Cama’s Sensation exhibition is a rare window on to the works of emerging artists living in Iran, whose image on the global stage has mainly been dominated by political developments such as the 2015 nuclear accord, which Donald Trump has vowed to annul, and the regional bickering with Saudi Arabia.

Riley Frost, 25, is the gallery’s co-founder. A Londoner who studied anthropology of art at Goldsmith’s, he became interested in Iranian art after dating a woman from the country. Frost said that art could serve as a means of separating ordinary people from the notion of “a nation state”.

He said: “The problem that I have is that often as soon as you hear ‘Iran’, it’s associated with nuclear, international sanctions and some sort of repressive theocracy. That for me is not what Iran is, it’s not a representation of the people of Iran. And artwork comes from the bottom up, it doesn’t come from up to down. That’s the difference between international politics and the role that art can play.”

Cama aims to be an Iranian gallery in the west, Frost said, rather than a gallery in the west selling Iranian art. “The aim is to provide the most legitimate platform possible for Iranian art, and what I mean by legitimate is that we don’t just look at artwork which is conducive to western way of looking at things.”

A considerable number of works on display are by female artists, and the curator of the show, Mona Khosheghbal, is also a woman. Khosheghbal, who is also unable to attend, said on phone from Tehran that she called the exhibition Sensation because the concept allowed her to choose a selection that would best showcase the variety of art done by the country’s emerging artists. (The show’s title is not alluding to the controversial 1997 Royal Academy exhibition of Young British Artists, also called Sensation.)

“I’d say that the younger artists are embracing a bigger variety of art and styles and genres compared to the generation before them. You’ll see works in all genres, from abstract to figurative,” Khosheghbal said.

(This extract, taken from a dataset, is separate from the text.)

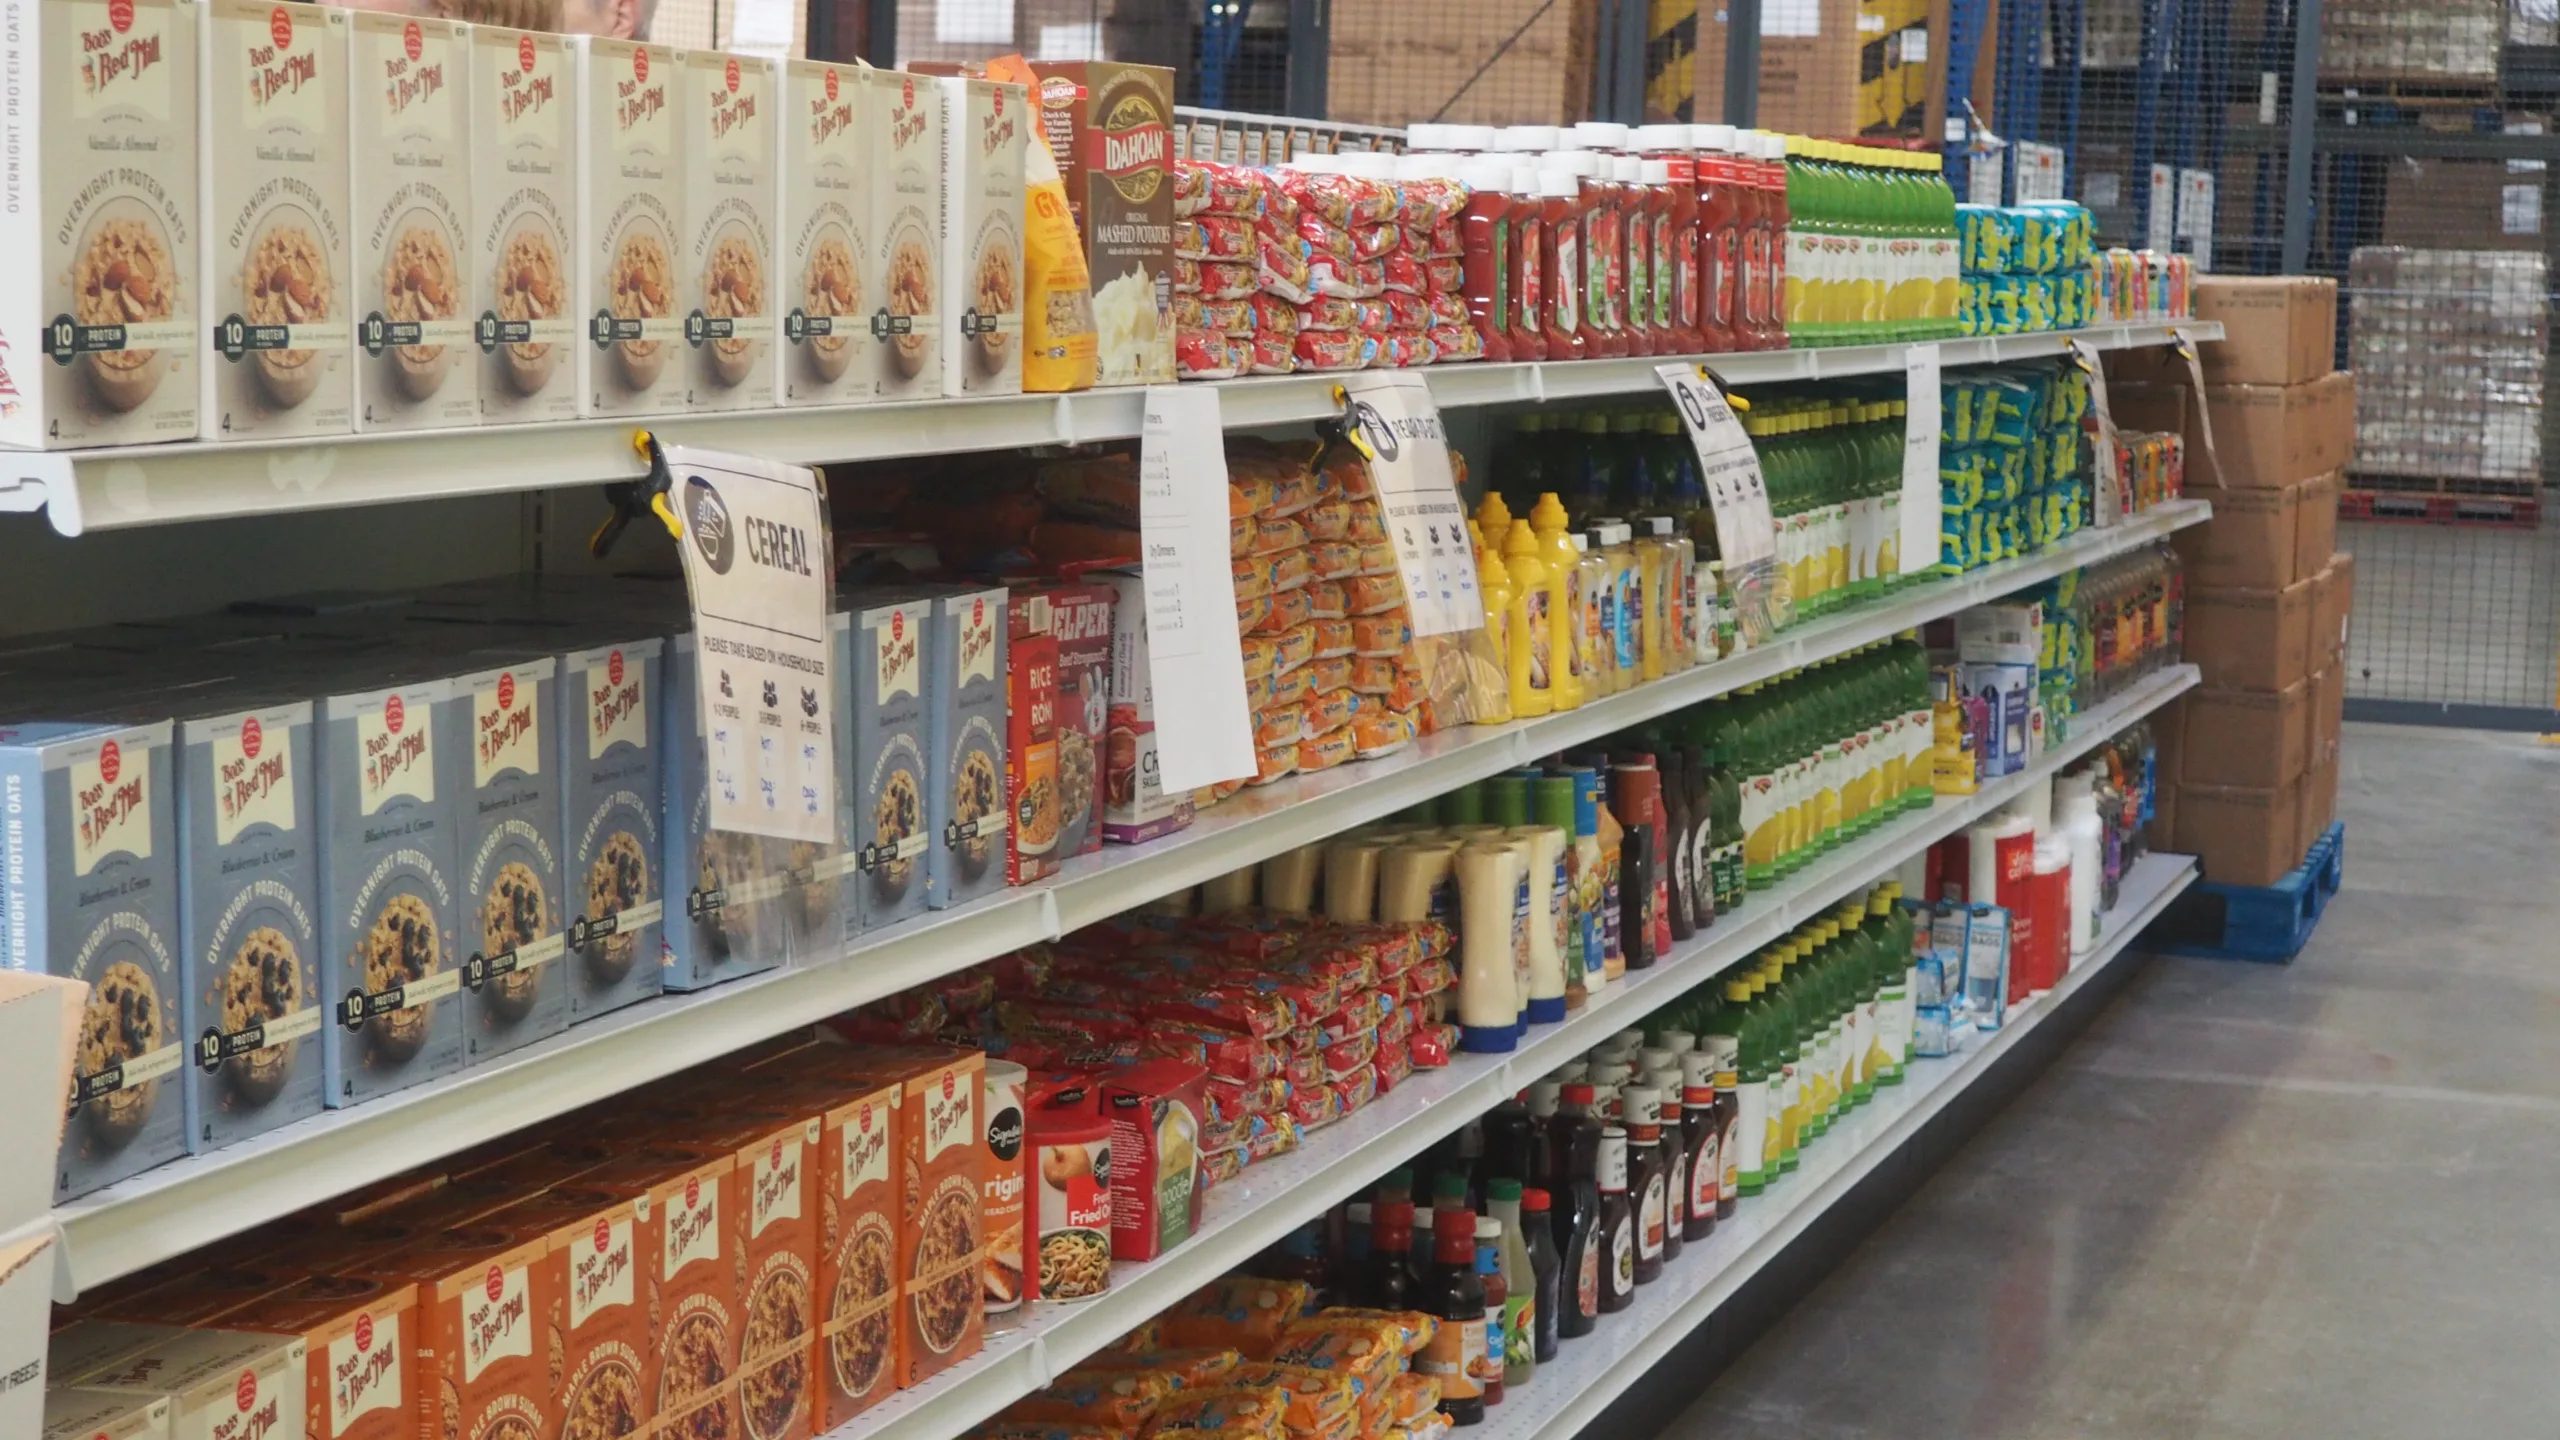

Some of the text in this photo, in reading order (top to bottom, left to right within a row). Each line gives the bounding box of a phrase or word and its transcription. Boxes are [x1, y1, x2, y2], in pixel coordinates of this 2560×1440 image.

The curator added that censorship in Iran, where the state vets most artistic work prior to public display, is more relaxed in visual arts than cinema. “There’s an inherent censorship in oriental art. It’s not only related to post-1979 Islamic revolution, it existed centuries back in the poetry of Hafez and Rumi or Saadi through the abundant use of allegories and metaphors. Maybe easterners want to be like that, to hide behind a cover, they don’t want to be explicit, and that’s maybe why the west is interested in them, because we’re deeper and sophisticated in our expression of art.”

Untitled, from Bita Vakili’s The Pulse of the Earth series. Photograph: Courtesy the artist and the Guardian.

Vakili, whose works of mixed media on canvas are shown at the exhibition, said visual art is the best manifestation of real life in Iran. “Other things about Iran go through a great deal of filters, but the visual art is close to the ordinary people and their way of life. You’ll see that people also have similar lives in Iran, that they’re also connected to the outside world.

“There’s a lively and dynamic society in Iran and if the western eye looks at our art, rather than our politics, it will get a more humane view of my country.”

Cama co-founder Frost said the boundaries restricting Iranian artists have made their art more intriguing. While Europeans have “so much option for free expression”, Iranian artistshave to operate within a certain box – they’re forced to create something special. The expression says pressure creates diamond. I think that’s archetypal with Iranian art.”

Sensation is at Cama, London, until 25 June.